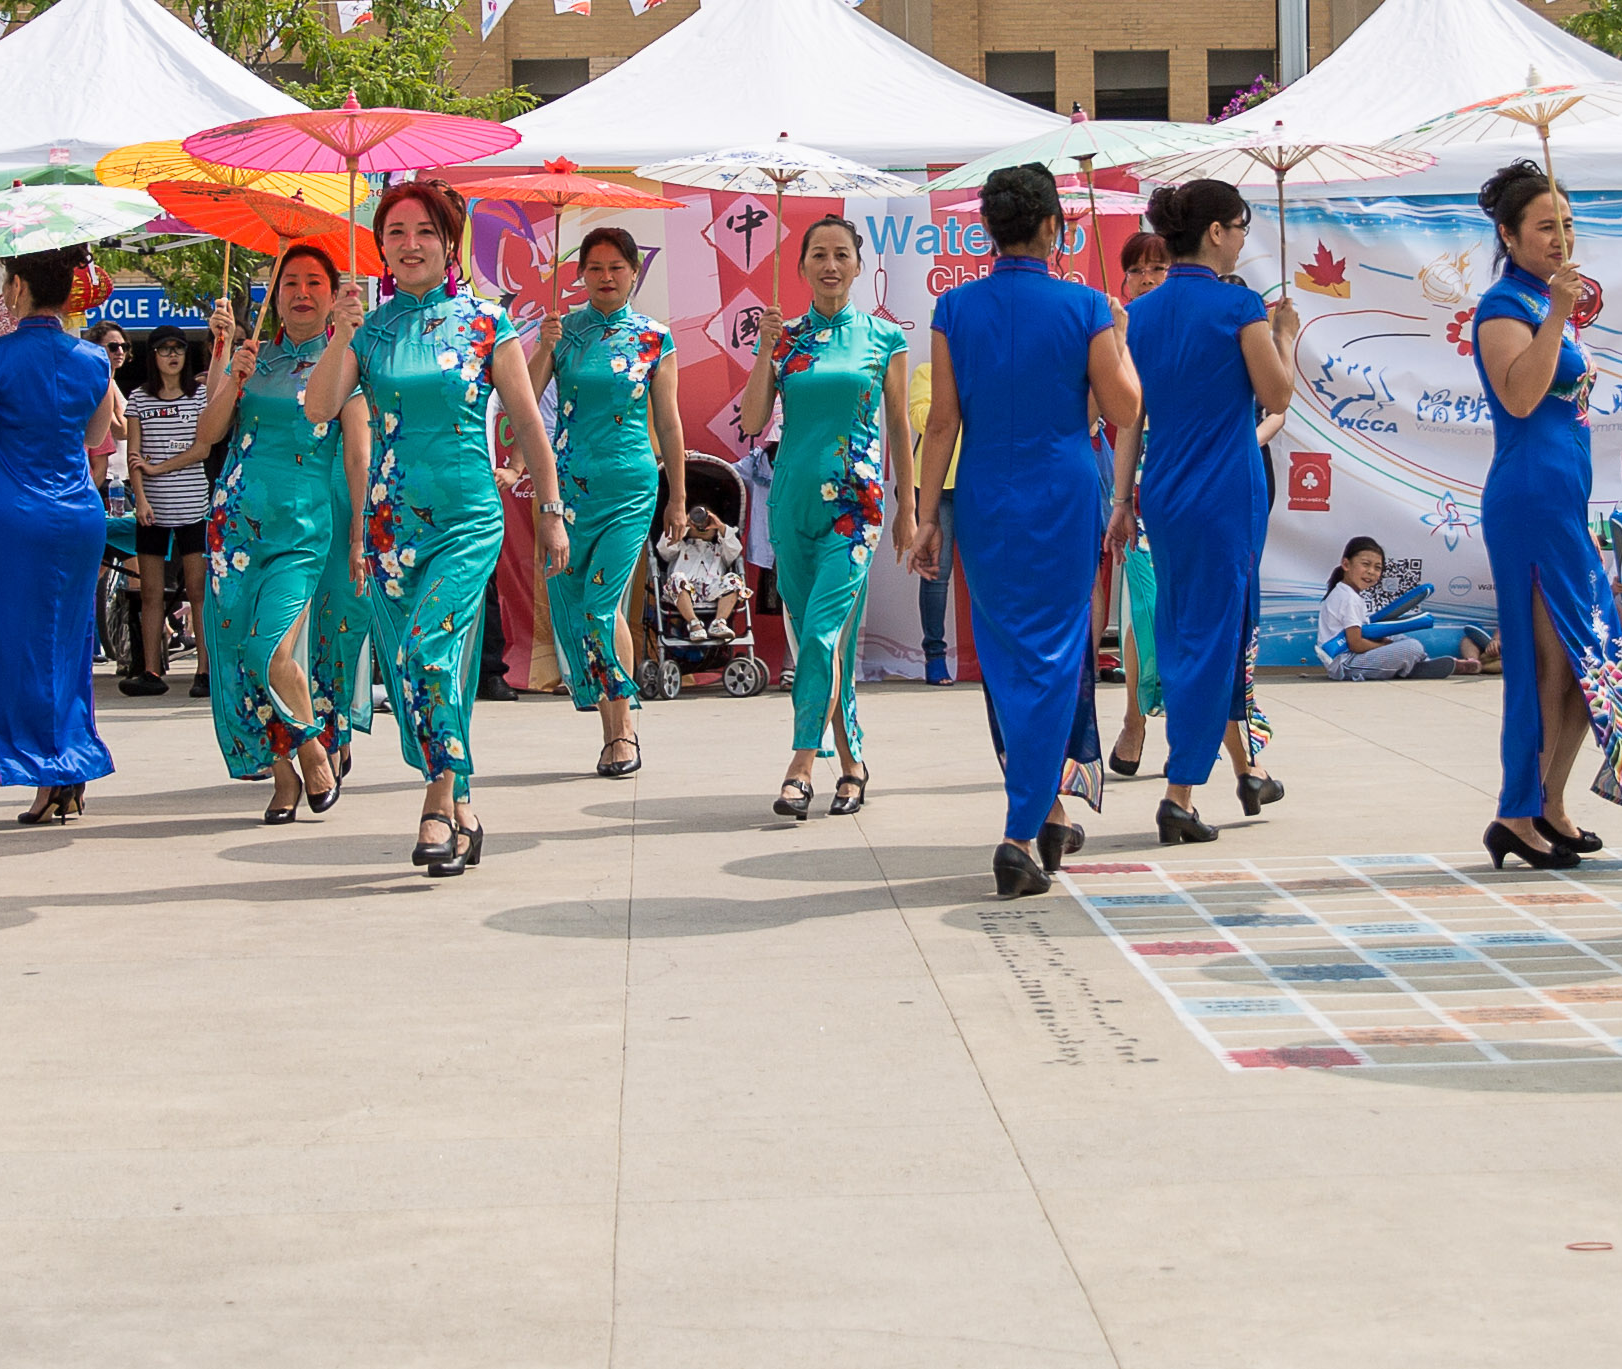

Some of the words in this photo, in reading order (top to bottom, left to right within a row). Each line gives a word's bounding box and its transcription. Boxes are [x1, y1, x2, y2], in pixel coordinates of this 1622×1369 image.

[85, 299, 149, 319] CYCLE
[1337, 415, 1399, 433] WCCA
[1415, 422, 1472, 435] Waterloo
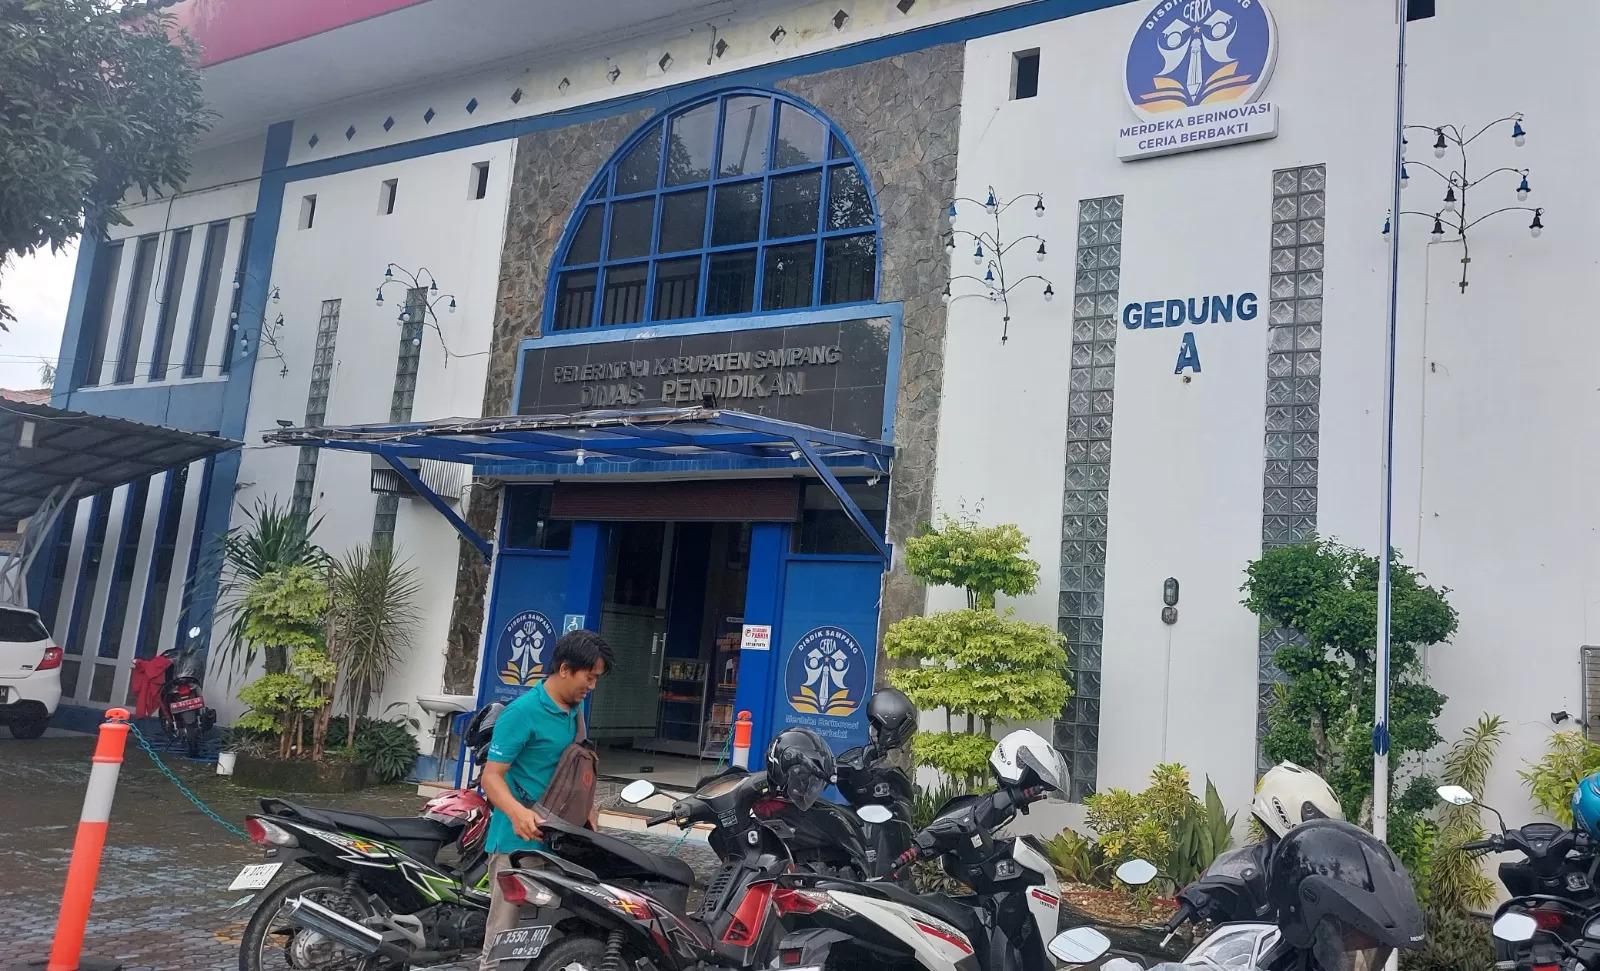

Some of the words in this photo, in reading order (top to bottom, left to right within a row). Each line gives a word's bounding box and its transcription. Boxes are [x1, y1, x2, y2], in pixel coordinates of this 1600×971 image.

[1119, 118, 1184, 138] MERDEKA
[1187, 102, 1271, 126] BERINOVASI
[1138, 135, 1177, 150] CERIA
[1180, 122, 1248, 143] BERBAKTI
[1122, 292, 1258, 330] GEDUNG
[652, 352, 751, 375] KABUPATEN
[753, 344, 842, 369] SAMPANG
[1174, 332, 1201, 375] A
[579, 382, 645, 407] DINAS
[661, 371, 806, 402] PENDIDIKAN
[798, 630, 823, 651] DISDIK
[825, 629, 858, 654] SAMPANG
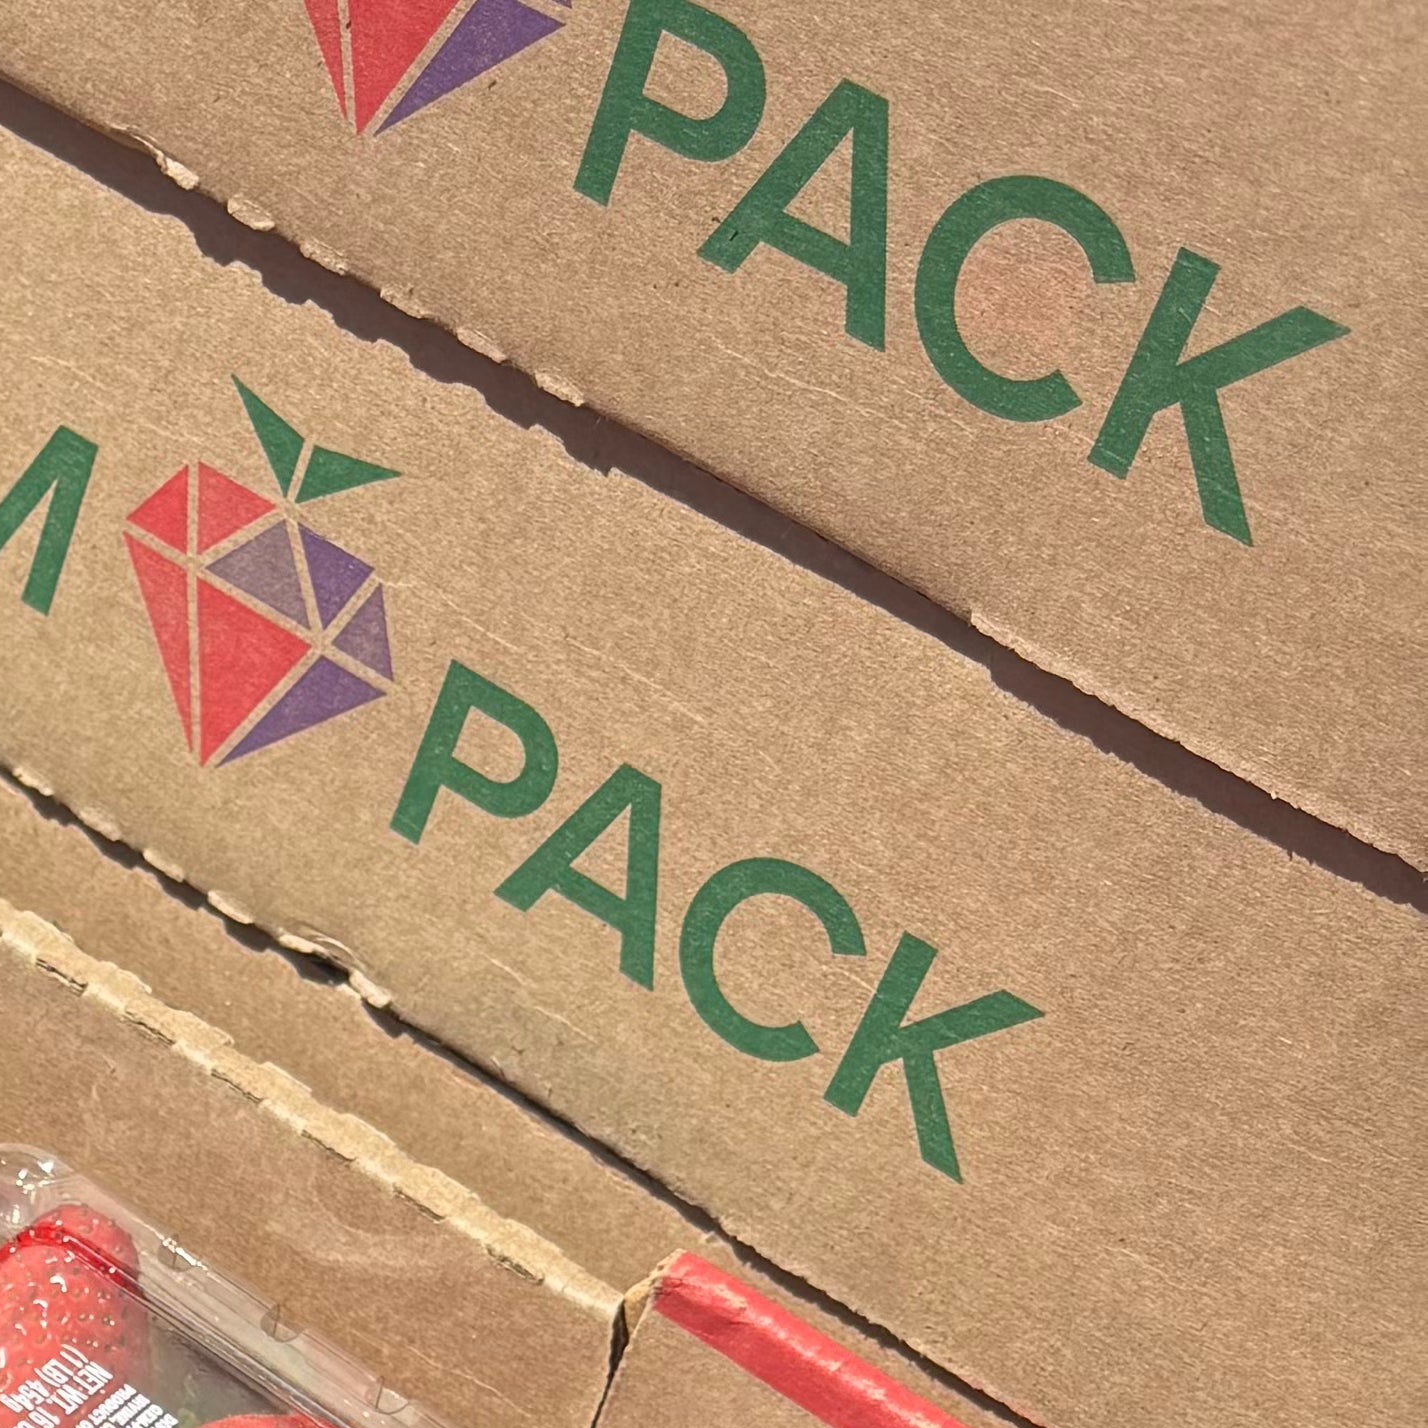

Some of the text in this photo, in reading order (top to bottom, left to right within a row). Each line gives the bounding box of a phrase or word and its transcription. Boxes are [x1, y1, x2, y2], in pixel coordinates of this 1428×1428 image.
---
* _WORK ITEM_: All of the records above are to be copied exactly, minus the pictures.

* _ANSWER SPACE_:
Some of the words in this photo, in reading order (top to bottom, left to right within a row). Each line gives a word's bounding box and its transcription. Boxes are [x1, y1, x2, y2], in pixel coordinates of this 1622×1369 image.

[85, 299, 149, 319] CYCLE
[1337, 415, 1399, 433] WCCA
[1415, 422, 1472, 435] Waterloo

Some of the words in this photo, in reading order (top to bottom, left to right within a row). Each line gives a word's bounding box and its transcription. Boxes are [x1, y1, x2, y2], in pixel coordinates of this 1600×971 image.

[1119, 118, 1184, 138] MERDEKA
[1187, 102, 1271, 126] BERINOVASI
[1138, 135, 1177, 150] CERIA
[1180, 122, 1248, 143] BERBAKTI
[1122, 292, 1258, 330] GEDUNG
[652, 352, 751, 375] KABUPATEN
[753, 344, 842, 369] SAMPANG
[1174, 332, 1201, 375] A
[579, 382, 645, 407] DINAS
[661, 371, 806, 402] PENDIDIKAN
[798, 630, 823, 651] DISDIK
[825, 629, 858, 654] SAMPANG

Some of the text in this photo, in reading order (top to bottom, left to right within a row). Each line gives the bounding box of a phrase or word and its transcription. Boxes are [x1, y1, x2, y2], in pixel coordinates of this 1428×1428 image.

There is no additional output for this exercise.